● **Work item**
Once the images are set aside, write out the rest of the records exactly.

● **Records provided**

= = = =

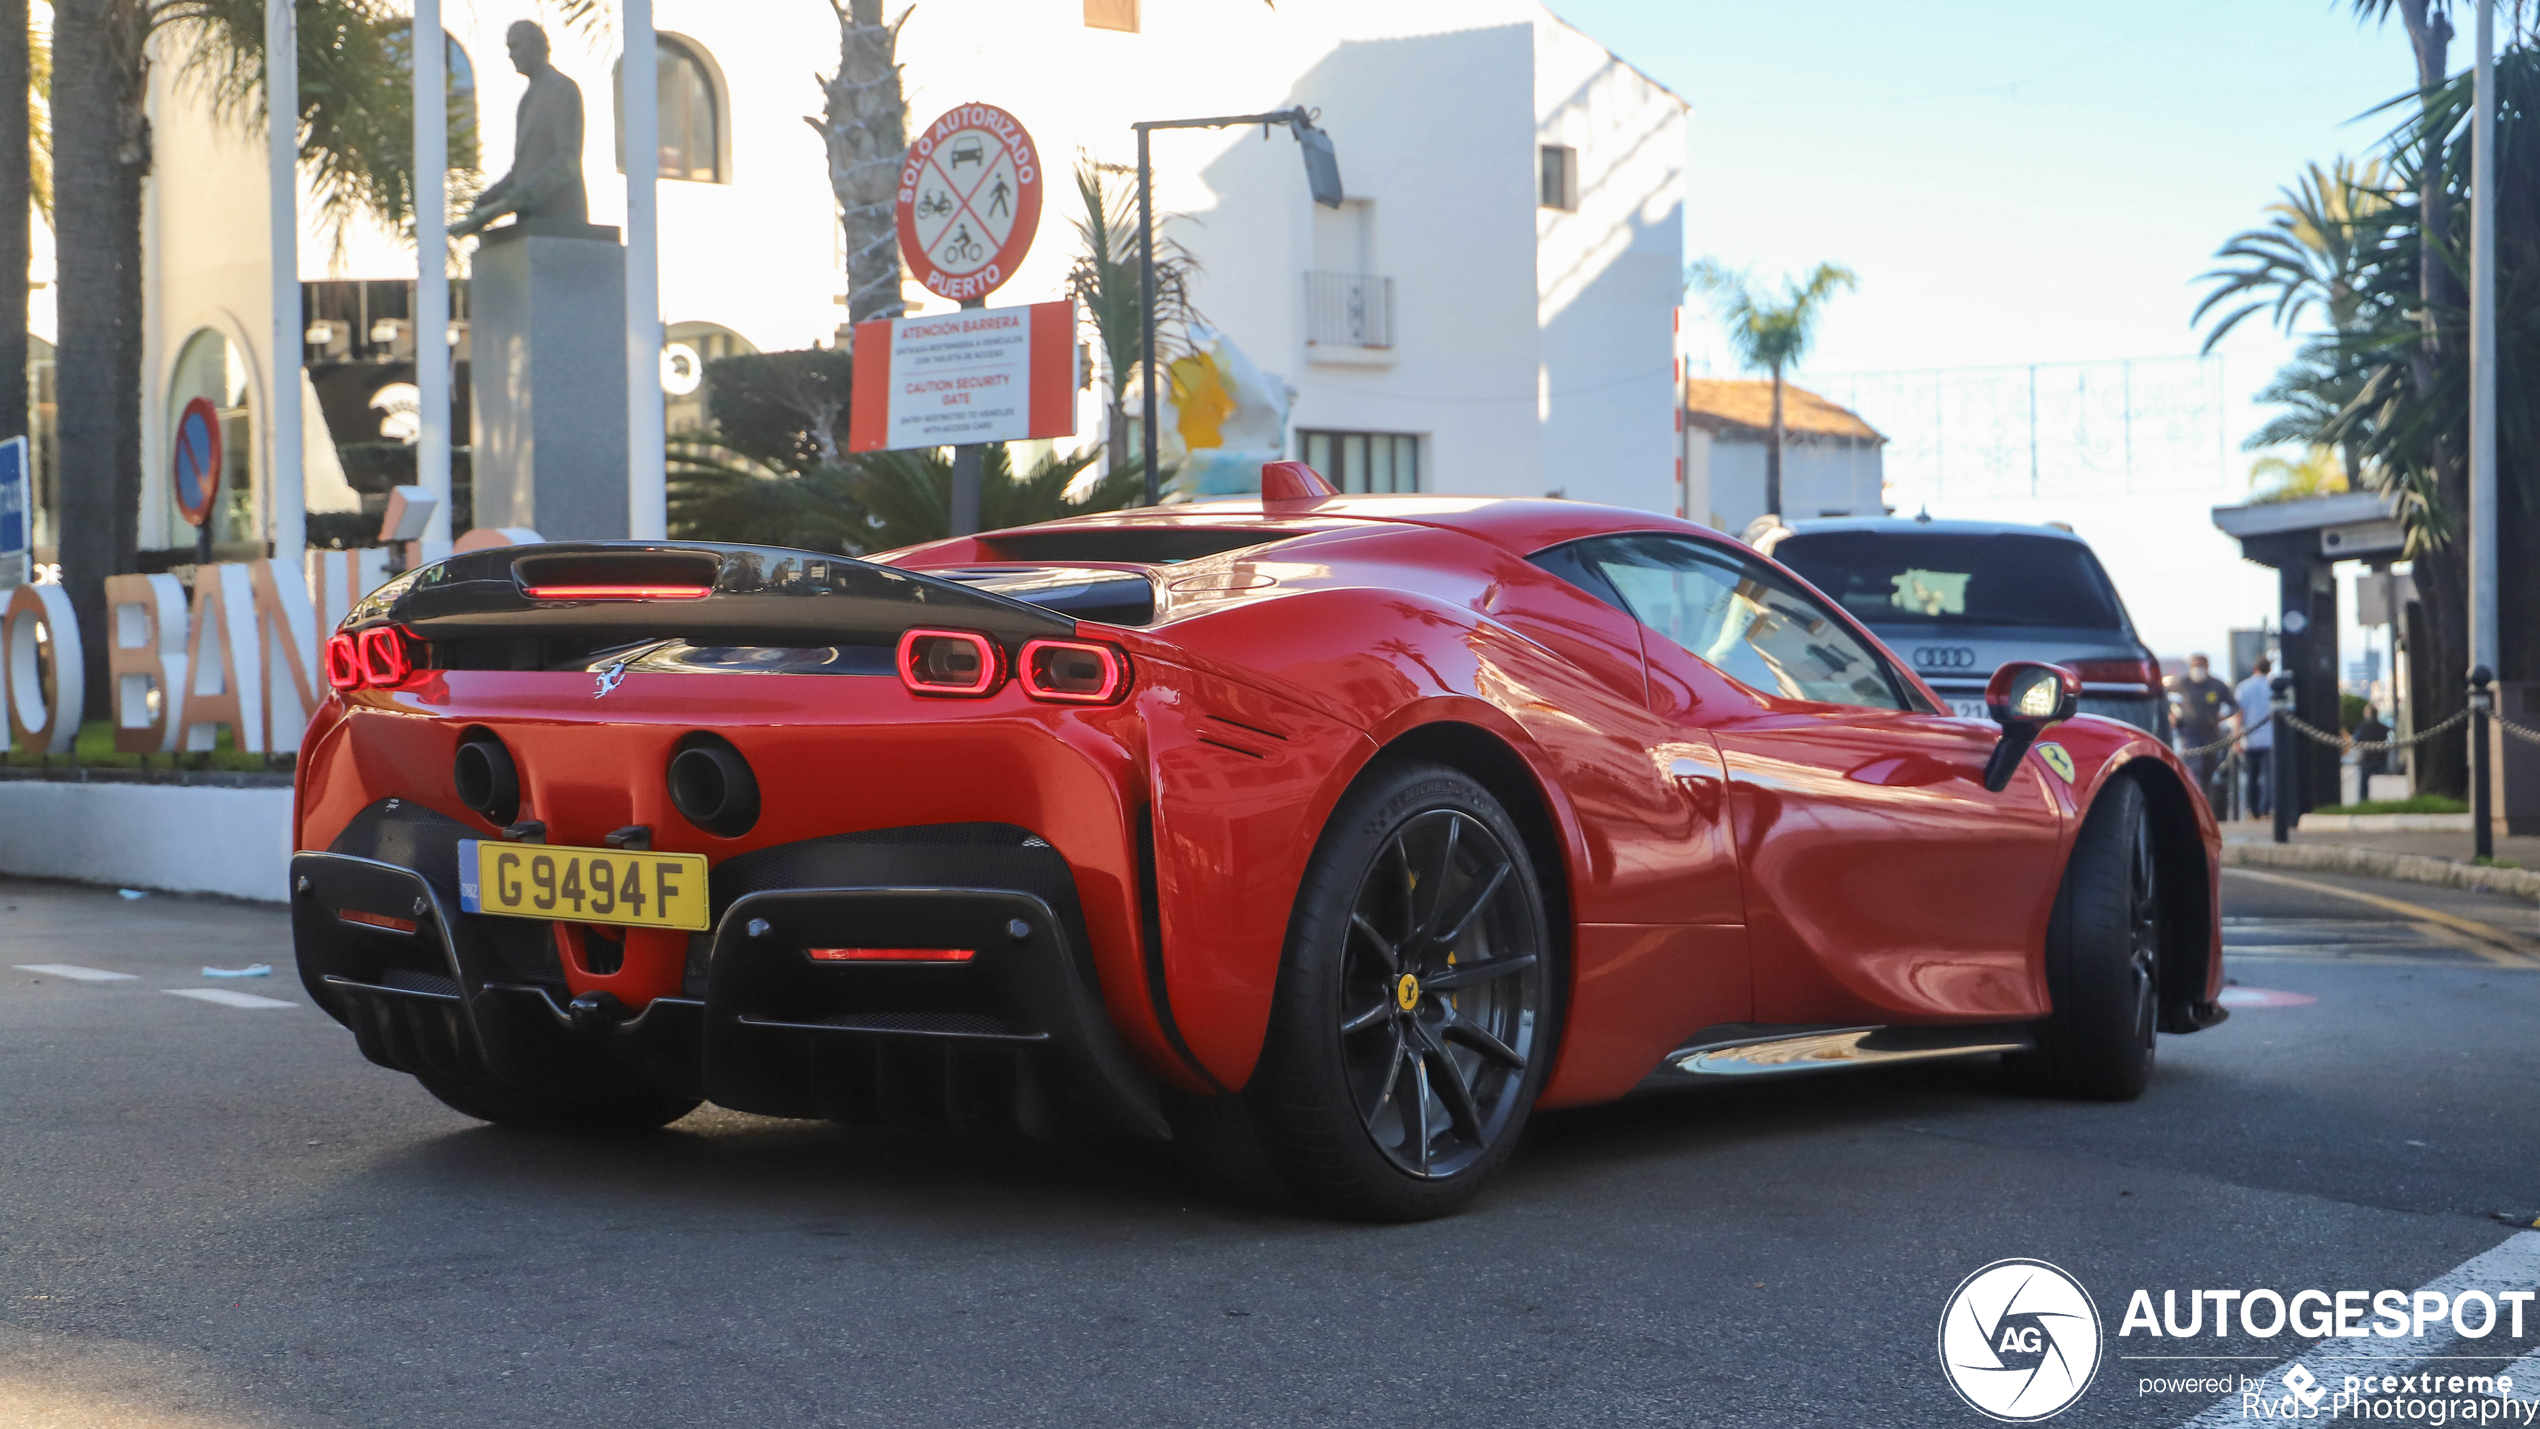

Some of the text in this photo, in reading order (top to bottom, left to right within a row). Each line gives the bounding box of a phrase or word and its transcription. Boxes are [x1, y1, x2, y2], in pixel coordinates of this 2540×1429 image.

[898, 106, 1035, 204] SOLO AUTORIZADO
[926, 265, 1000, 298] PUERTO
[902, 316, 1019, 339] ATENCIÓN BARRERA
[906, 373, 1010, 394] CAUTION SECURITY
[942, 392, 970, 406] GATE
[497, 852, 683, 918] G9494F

= = = =

● **Written answer**
Some of the text in this photo, in reading order (top to bottom, left to right within a row). Each line gives the bounding box of a phrase or word and its transcription. Boxes are [x1, y1, x2, y2], in pixel coordinates of this 2540×1429 image.

[898, 106, 1035, 204] SOLO AUTORIZADO
[926, 265, 1000, 298] PUERTO
[902, 316, 1019, 339] ATENCIÓN BARRERA
[906, 373, 1010, 394] CAUTION SECURITY
[942, 392, 970, 406] GATE
[497, 852, 683, 918] G9494F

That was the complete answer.